In Brookline, some 360 teachers have been let go as the district faces a $12 million budget deficit brought on by the lack of restaurant, parking, and other fees usually collected by the town as the health crisis brought life to a standstill, WGBH reports.
Many more pink slips are expected to come in districts across the state, which faces a potential $6 billion revenue shortfall, if they haven’t been doled out already. The Massachusetts Teachers Association anticipates thousands of teachers will be out of a job by Monday, the deadline set under state law for local officials to inform non-tenured educators of job losses, according to WGBH.
When the notices went out to educators laid off in Brookline on May 29, Jessica Wender-Shubow, president of the Brookline Educators Union, suggested to the news station that perhaps one solution to the current predicament lies in gathering private donations.
“If we are in this together let me just say, this is the time for people of means to step up and contribute to their schools,” she said. “We have an emergency situation due to an unprecedented historical crisis.”
Many districts already collect funds through private foundations and school organizations, such as the Brookline Education Foundation, which brought in $300,000 last year for teacher training, according to WGBH.
“Parents are very interested in education here and very willing to support teachers and local schools,” Executive Director Elizabeth Ascoli told the station.
But Ascoli notes there’s a caveat: the foundation has a specific fundraising mission. Raising money for the operating budget may be a different situation, she said.
“I think people feel as though this is the district’s job,” she told WGBH.

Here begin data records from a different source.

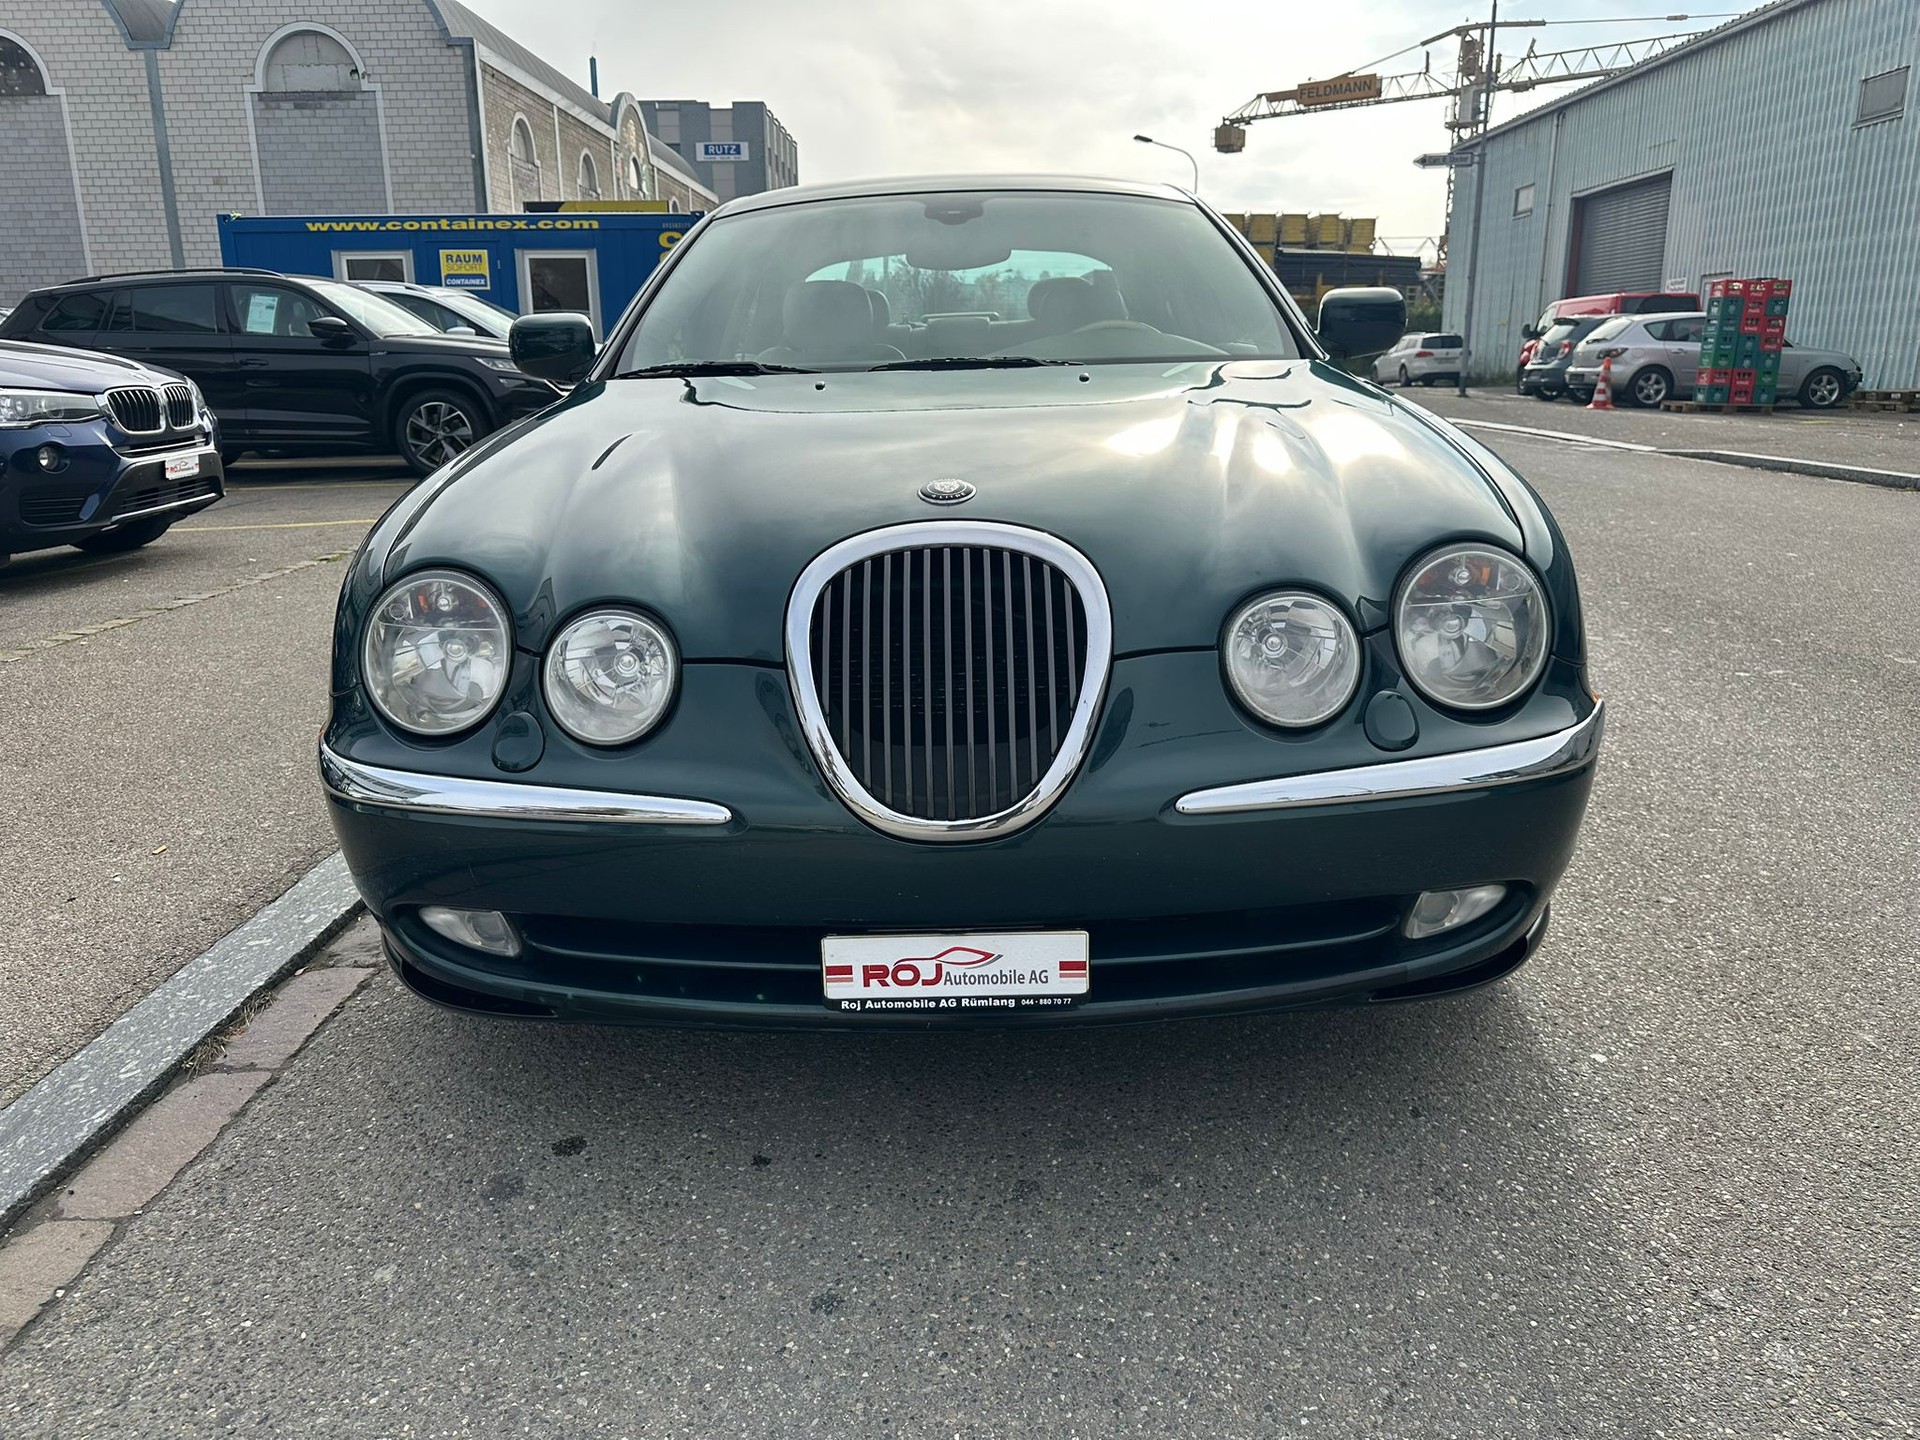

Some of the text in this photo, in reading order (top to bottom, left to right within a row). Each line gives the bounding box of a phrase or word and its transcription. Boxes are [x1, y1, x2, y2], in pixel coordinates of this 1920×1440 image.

[1300, 79, 1372, 99] FELDMANN
[708, 145, 737, 155] RUTZ
[305, 218, 599, 231] www.containex.com
[445, 254, 483, 263] RAUM
[446, 263, 482, 271] SOFORT
[862, 963, 1049, 988] ROJ Automobile AG
[841, 1000, 861, 1011] Roj
[865, 999, 936, 1009] Automobile
[939, 998, 957, 1008] AG
[961, 997, 1016, 1008] Rümlang
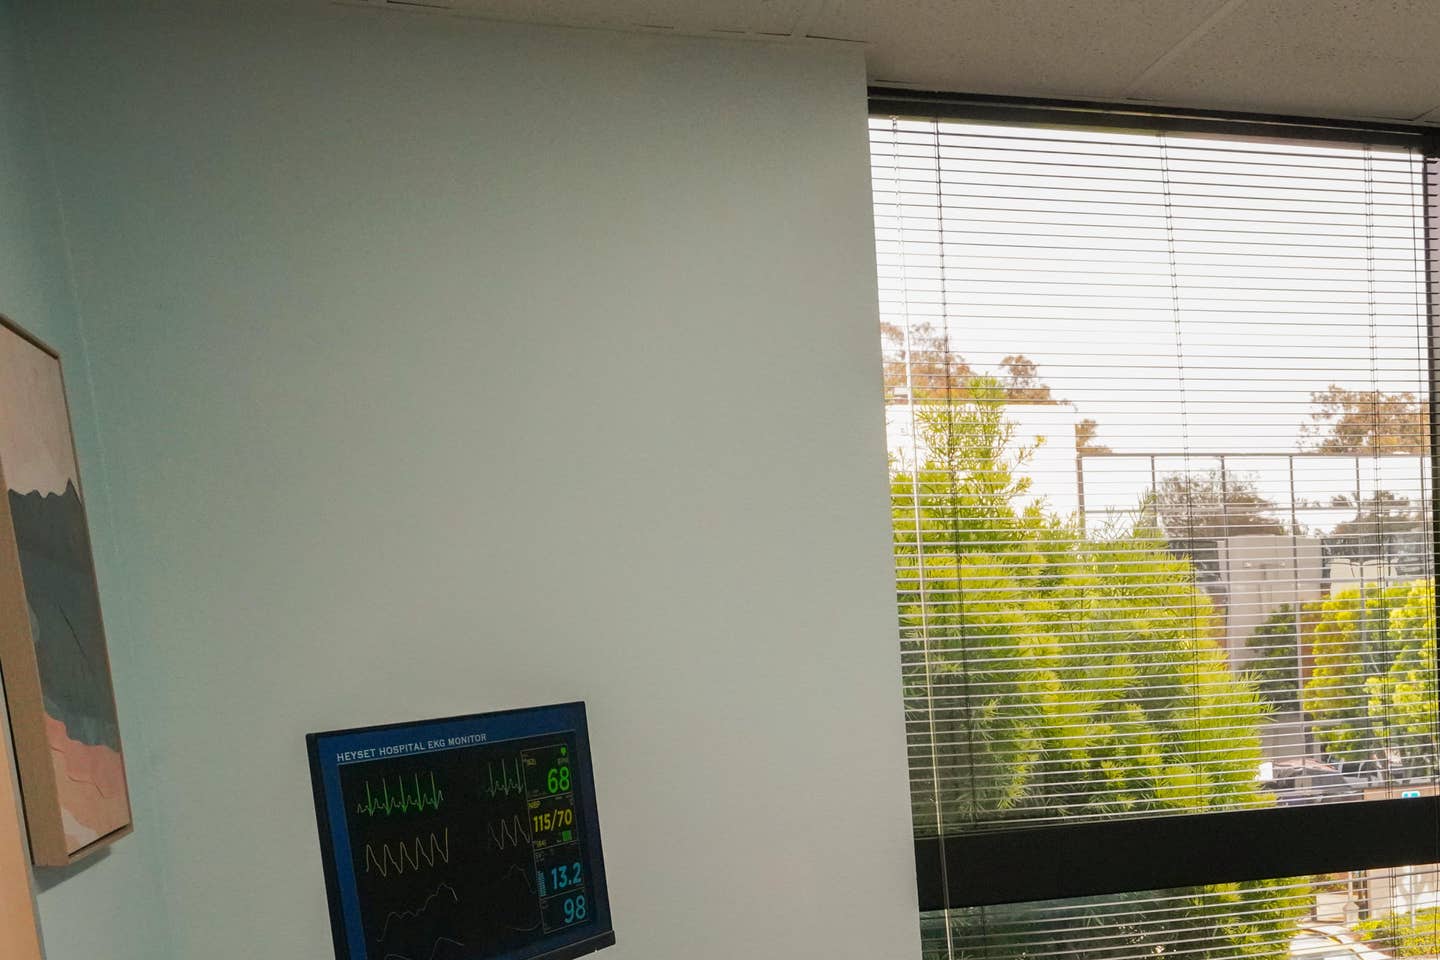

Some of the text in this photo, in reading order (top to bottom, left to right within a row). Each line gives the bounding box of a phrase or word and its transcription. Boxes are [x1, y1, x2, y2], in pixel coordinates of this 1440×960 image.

[337, 733, 487, 762] HEYSET HOSPITAL EKG MONITOR
[547, 766, 570, 793] 68
[533, 808, 573, 833] 115/70
[551, 862, 582, 890] 13.2
[563, 895, 586, 924] 98
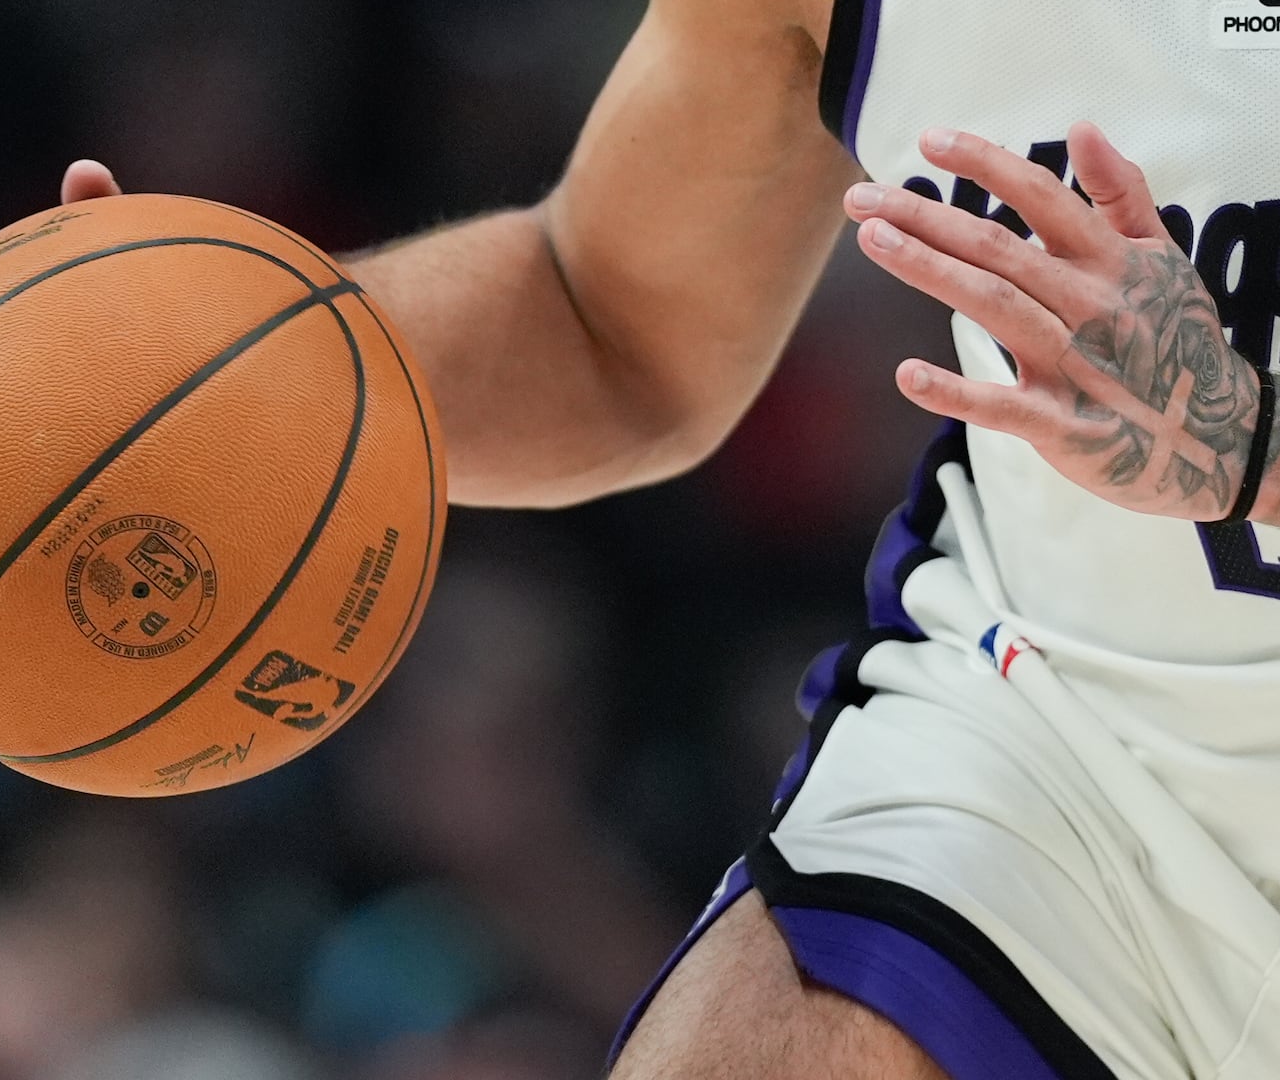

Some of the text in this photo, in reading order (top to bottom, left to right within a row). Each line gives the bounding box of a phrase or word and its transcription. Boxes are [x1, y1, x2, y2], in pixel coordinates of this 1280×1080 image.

[98, 518, 137, 539] INFLATE
[140, 518, 152, 528] TO
[68, 554, 87, 626] MADE IN CHINA
[333, 527, 399, 654] OFFICIAL GAME BALL
[102, 636, 186, 657] DESIGNED IN USA
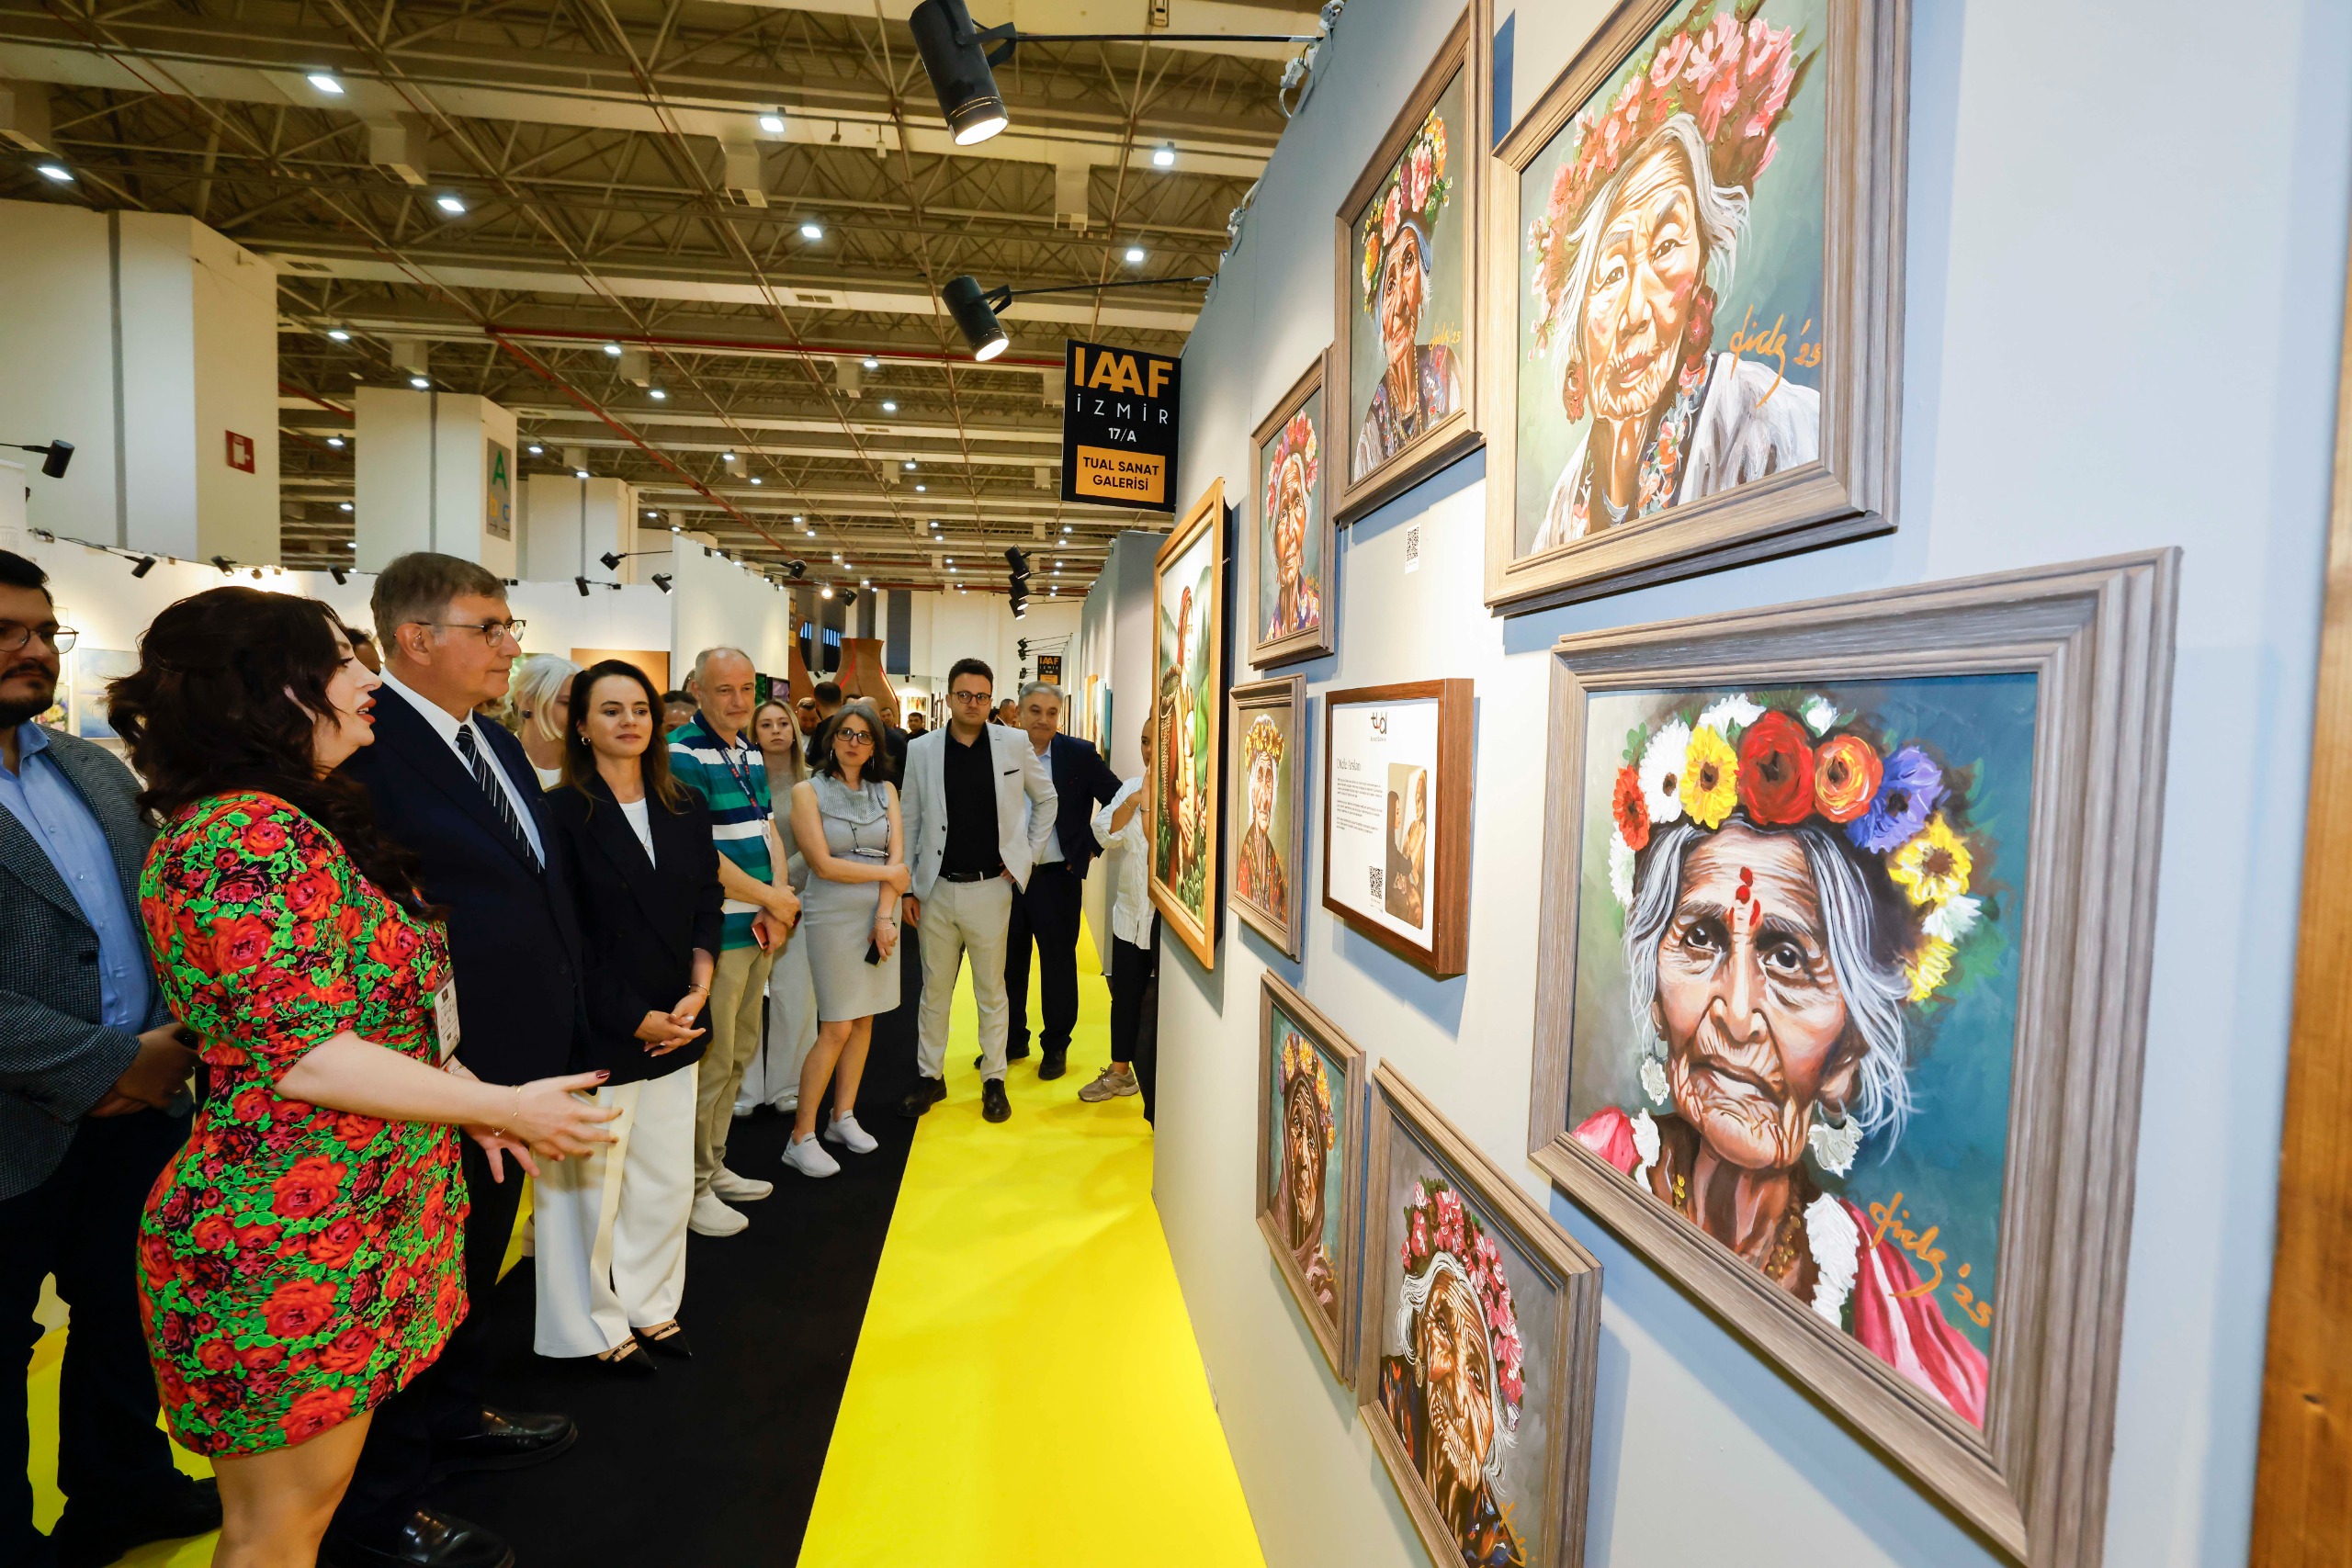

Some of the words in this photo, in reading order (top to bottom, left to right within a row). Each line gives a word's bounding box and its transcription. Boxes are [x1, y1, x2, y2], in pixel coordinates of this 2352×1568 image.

[1074, 346, 1173, 399] IAAF
[1077, 393, 1169, 424] İZMİR
[1108, 427, 1137, 443] 17/A
[492, 448, 508, 491] A
[1082, 457, 1114, 471] TUAL
[1118, 460, 1159, 476] SANAT
[1092, 474, 1148, 491] GALERİSİ
[1039, 657, 1059, 665] IAAF

Geoff Beckwith, executive director of the Massachusetts Municipal Association, sees potential for conflicts of interest with local governments, should they accept donations, among other problems, he told the news outlet.
“What if a corporation gives money and it has a proposal pending before the Planning Board. Is that a quid pro quo?” Beckwith said. “That’s the reason we have taxes. We have taxes because there’s a commonality and a common stake in our future.”
In a statement released May 28, Merrie Najimy, president of the Massachusetts Teachers Association, said districts are indeed in need of funds, and urged MTA members to help get their senators to back the HEROES Act, the $3 trillion coronavirus response measure passed by the U.S. House last month that’s now before the Senate.
According to Najimy, the bill would push $1 trillion into local and state governments, and help fund education, from pre-kindergarten on up.
As for state revenues, the association is currently putting together progressive tax proposals that involve closing tax loopholes for corporations and the wealthy “that have been profiteering — even during the pandemic,” Najimy said.
“At the local level, we are urging cities and towns to turn their efforts from making cuts to fighting for resources to make sure our schools have enough funding to educate students safely in the coming year,” she said. “Schooling is expected to cost more money and require more staff than in normal times. Now is not the time to be laying off educators — essential workers.”
Wender-Shubow, in a follow-up interview with WGBH, backpedaled her remarks on the potential for private donations and instead joined the MTA’s calls to support the pending federal legislation.
“We need the millionaires and billionaires of Brookline to step up and support the HEROES Act, and support progressive taxation on themselves, now,” she told the station.
In the meantime, Tom Scott, executive director of the Massachusetts Association of School Superintendents, told NBC 10 Boston this week school leaders are “sort of working with a blindfold” over the fiscal woes in the state budget.
“We don’t know what that budget will look like,” he said.